Ese linaje, publicado ahora en Nature, no fue reemplazado ni desplazado. Evolucionó localmente, mezclándose con otras ascendencias, pero conservando su identidad. Una rareza en el panorama global, donde los reemplazos poblacionales fueron la norma más que la excepción. En palabras de Nores, se trata de “una historia que no está escrita, pero que dejó su firma en el ADN”.
De los dientes al genoma: la ciencia detrás del hallazgo
La investigación comenzó con una muestra modesta: 29 dientes hallados en sitios arqueológicos de Córdoba. Pero el proyecto creció hasta convertirse en una colaboración monumental entre más de 30 arqueólogos y 20 centros de investigación del CONICET y universidades nacionales. En total, analizaron 344 muestras de 310 individuos de distintas regiones: del noroeste al Gran Chaco, del este al centro del país.
Los genomas fueron procesados en conjunto con el laboratorio de David Reich, en Harvard.
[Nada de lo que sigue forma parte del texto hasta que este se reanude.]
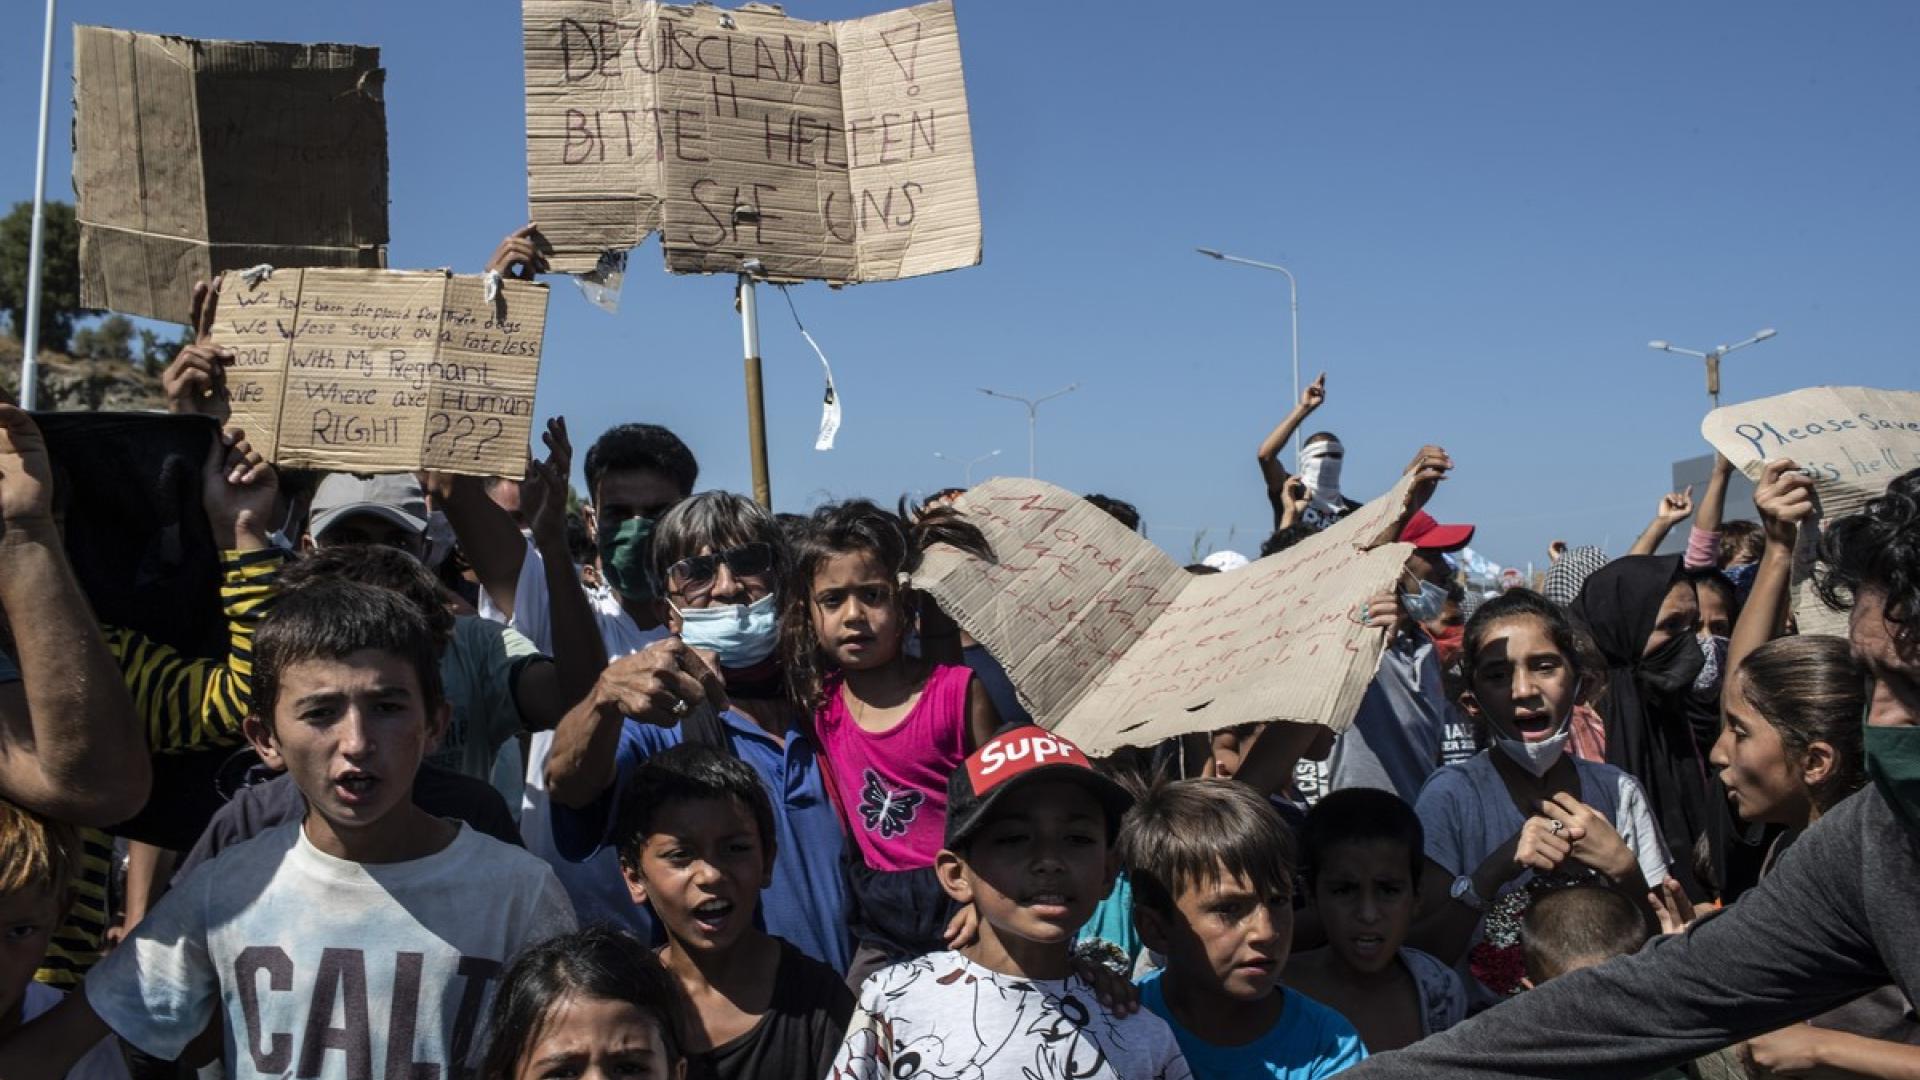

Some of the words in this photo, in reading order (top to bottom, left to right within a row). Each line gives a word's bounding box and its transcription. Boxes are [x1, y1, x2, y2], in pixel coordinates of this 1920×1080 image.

Allí, los científicos aplicaron métodos estadísticos capaces de comparar cientos de miles de marcadores genómicos. Esa combinación de tecnología y contexto arqueológico permitió reconstruir una historia genética oculta. Y fue así como emergió, silenciosa pero persistente, una ascendencia exclusiva del centro argentino.
Ocho milenios de continuidad

Los resultados dibujan un mapa distinto al que conocíamos. Mientras que en otras regiones del mundo las poblaciones humanas fueron reemplazadas una y otra vez, en el centro y norte de Argentina los grupos permanecieron en el mismo territorio durante miles de años. Cambiaron, sí, pero no desaparecieron.
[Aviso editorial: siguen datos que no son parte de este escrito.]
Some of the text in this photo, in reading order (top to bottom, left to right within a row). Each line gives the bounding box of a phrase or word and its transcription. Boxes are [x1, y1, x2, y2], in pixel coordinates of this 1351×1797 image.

El linaje identificado en Córdoba participó en tres migraciones interregionales: hacia el noroeste, donde se mezcló con el componente andino; hacia la región pampeana, donde se volvió predominante hace unos 800 años; y hacia el Gran Chaco, donde se integró al componente amazónico.
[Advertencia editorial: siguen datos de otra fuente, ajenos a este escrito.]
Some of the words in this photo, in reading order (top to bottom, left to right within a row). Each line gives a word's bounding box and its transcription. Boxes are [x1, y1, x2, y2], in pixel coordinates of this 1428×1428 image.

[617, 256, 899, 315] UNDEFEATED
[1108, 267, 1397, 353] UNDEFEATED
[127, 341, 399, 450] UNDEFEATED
Esa capacidad de persistir —de mutar sin extinguirse— convierte al linaje en un testimonio vivo de la historia biológica del país. Una prueba de que la identidad genética no siempre sigue el curso de las invasiones o las conquistas, sino el de la adaptación y la memoria evolutiva.
Una historia escrita en la sangre
El descubrimiento trasciende lo puramente científico. Plantea una idea poderosa: que el ADN puede guardar los rastros de civilizaciones que nunca dejaron escritura. Cada marcador genético actúa como una palabra en un idioma ancestral que recién ahora estamos aprendiendo a leer.
“Queríamos reconstruir una historia previa a la conquista hispana, una historia que nadie escribió”, explicó Nores. Esa búsqueda, iniciada hace casi una década, revela que la historia del poblamiento de América sigue incompleta. Que en los pliegues del territorio argentino, bajo la tierra y en la genética de su gente, pervive una herencia que desafía los modelos tradicionales de migración.
Y así, mientras en otras regiones del mundo la movilidad fue constante, Sudamérica parece haber elegido otro camino: el de la permanencia. Un linaje que atravesó los siglos, las mutaciones y el olvido, para recordarnos algo esencial. Que la historia humana no siempre se mide por los que llegaron, sino por los que nunca se fueron.